▸ The problem:
What is needed is an exact copy of the data that follows.

Phrase grounding data:
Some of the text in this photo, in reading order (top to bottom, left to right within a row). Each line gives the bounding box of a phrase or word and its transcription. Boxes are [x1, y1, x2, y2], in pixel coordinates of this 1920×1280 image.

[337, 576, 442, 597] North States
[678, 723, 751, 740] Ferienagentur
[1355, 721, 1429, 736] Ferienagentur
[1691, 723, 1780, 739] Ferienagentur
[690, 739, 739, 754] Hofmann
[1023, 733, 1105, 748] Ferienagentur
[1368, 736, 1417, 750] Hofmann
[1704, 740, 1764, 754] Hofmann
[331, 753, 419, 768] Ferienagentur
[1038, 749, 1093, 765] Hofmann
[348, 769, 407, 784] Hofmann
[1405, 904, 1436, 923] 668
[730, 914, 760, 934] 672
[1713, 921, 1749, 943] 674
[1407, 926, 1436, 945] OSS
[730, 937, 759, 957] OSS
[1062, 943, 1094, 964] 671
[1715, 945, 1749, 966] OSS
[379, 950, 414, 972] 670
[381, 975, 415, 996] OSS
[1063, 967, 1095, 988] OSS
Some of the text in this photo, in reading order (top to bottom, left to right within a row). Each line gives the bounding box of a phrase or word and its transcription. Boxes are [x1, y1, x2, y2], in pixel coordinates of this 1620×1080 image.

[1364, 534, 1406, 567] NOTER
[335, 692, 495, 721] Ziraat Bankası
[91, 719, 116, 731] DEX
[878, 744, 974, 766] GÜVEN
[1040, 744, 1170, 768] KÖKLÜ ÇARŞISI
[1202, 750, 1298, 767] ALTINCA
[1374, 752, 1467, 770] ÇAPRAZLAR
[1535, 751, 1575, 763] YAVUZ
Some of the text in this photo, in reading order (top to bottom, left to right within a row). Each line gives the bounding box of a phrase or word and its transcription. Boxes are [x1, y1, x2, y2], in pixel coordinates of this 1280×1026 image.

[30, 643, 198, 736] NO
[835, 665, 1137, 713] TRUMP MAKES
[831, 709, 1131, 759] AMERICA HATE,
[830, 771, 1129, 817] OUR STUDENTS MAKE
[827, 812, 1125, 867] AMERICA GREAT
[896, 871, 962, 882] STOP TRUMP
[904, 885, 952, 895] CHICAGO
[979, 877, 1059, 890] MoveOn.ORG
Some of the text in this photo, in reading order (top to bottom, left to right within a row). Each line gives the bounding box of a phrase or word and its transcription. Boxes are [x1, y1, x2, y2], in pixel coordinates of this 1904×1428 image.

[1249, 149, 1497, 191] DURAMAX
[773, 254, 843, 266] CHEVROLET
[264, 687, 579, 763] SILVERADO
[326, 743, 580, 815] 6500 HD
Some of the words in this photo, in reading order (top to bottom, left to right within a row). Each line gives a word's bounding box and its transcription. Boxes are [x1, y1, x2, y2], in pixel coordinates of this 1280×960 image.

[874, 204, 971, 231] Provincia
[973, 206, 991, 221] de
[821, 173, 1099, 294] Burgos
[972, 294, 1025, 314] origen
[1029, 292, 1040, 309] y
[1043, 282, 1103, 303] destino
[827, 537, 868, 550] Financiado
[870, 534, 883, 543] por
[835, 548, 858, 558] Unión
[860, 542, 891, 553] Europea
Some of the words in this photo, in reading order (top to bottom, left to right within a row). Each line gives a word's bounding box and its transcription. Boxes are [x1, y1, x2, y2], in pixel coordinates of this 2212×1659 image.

▸ Task result:
Some of the text in this photo, in reading order (top to bottom, left to right within a row). Each line gives the bounding box of a phrase or word and its transcription. Boxes are [x1, y1, x2, y2], in pixel coordinates of this 1920×1280 image.

[337, 576, 442, 597] North States
[678, 723, 751, 740] Ferienagentur
[1355, 721, 1429, 736] Ferienagentur
[1691, 723, 1780, 739] Ferienagentur
[690, 739, 739, 754] Hofmann
[1023, 733, 1105, 748] Ferienagentur
[1368, 736, 1417, 750] Hofmann
[1704, 740, 1764, 754] Hofmann
[331, 753, 419, 768] Ferienagentur
[1038, 749, 1093, 765] Hofmann
[348, 769, 407, 784] Hofmann
[1405, 904, 1436, 923] 668
[730, 914, 760, 934] 672
[1713, 921, 1749, 943] 674
[1407, 926, 1436, 945] OSS
[730, 937, 759, 957] OSS
[1062, 943, 1094, 964] 671
[1715, 945, 1749, 966] OSS
[379, 950, 414, 972] 670
[381, 975, 415, 996] OSS
[1063, 967, 1095, 988] OSS
Some of the text in this photo, in reading order (top to bottom, left to right within a row). Each line gives the bounding box of a phrase or word and its transcription. Boxes are [x1, y1, x2, y2], in pixel coordinates of this 1620×1080 image.

[1364, 534, 1406, 567] NOTER
[335, 692, 495, 721] Ziraat Bankası
[91, 719, 116, 731] DEX
[878, 744, 974, 766] GÜVEN
[1040, 744, 1170, 768] KÖKLÜ ÇARŞISI
[1202, 750, 1298, 767] ALTINCA
[1374, 752, 1467, 770] ÇAPRAZLAR
[1535, 751, 1575, 763] YAVUZ
Some of the text in this photo, in reading order (top to bottom, left to right within a row). Each line gives the bounding box of a phrase or word and its transcription. Boxes are [x1, y1, x2, y2], in pixel coordinates of this 1280×1026 image.

[30, 643, 198, 736] NO
[835, 665, 1137, 713] TRUMP MAKES
[831, 709, 1131, 759] AMERICA HATE,
[830, 771, 1129, 817] OUR STUDENTS MAKE
[827, 812, 1125, 867] AMERICA GREAT
[896, 871, 962, 882] STOP TRUMP
[904, 885, 952, 895] CHICAGO
[979, 877, 1059, 890] MoveOn.ORG
Some of the text in this photo, in reading order (top to bottom, left to right within a row). Each line gives the bounding box of a phrase or word and its transcription. Boxes are [x1, y1, x2, y2], in pixel coordinates of this 1904×1428 image.

[1249, 149, 1497, 191] DURAMAX
[773, 254, 843, 266] CHEVROLET
[264, 687, 579, 763] SILVERADO
[326, 743, 580, 815] 6500 HD
Some of the words in this photo, in reading order (top to bottom, left to right within a row). Each line gives a word's bounding box and its transcription. Boxes are [x1, y1, x2, y2], in pixel coordinates of this 1280×960 image.

[874, 204, 971, 231] Provincia
[973, 206, 991, 221] de
[821, 173, 1099, 294] Burgos
[972, 294, 1025, 314] origen
[1029, 292, 1040, 309] y
[1043, 282, 1103, 303] destino
[827, 537, 868, 550] Financiado
[870, 534, 883, 543] por
[835, 548, 858, 558] Unión
[860, 542, 891, 553] Europea
Some of the words in this photo, in reading order (top to bottom, left to right within a row). Each line gives a word's bounding box and its transcription. Boxes are [x1, y1, x2, y2], in pixel coordinates of this 2212×1659 image.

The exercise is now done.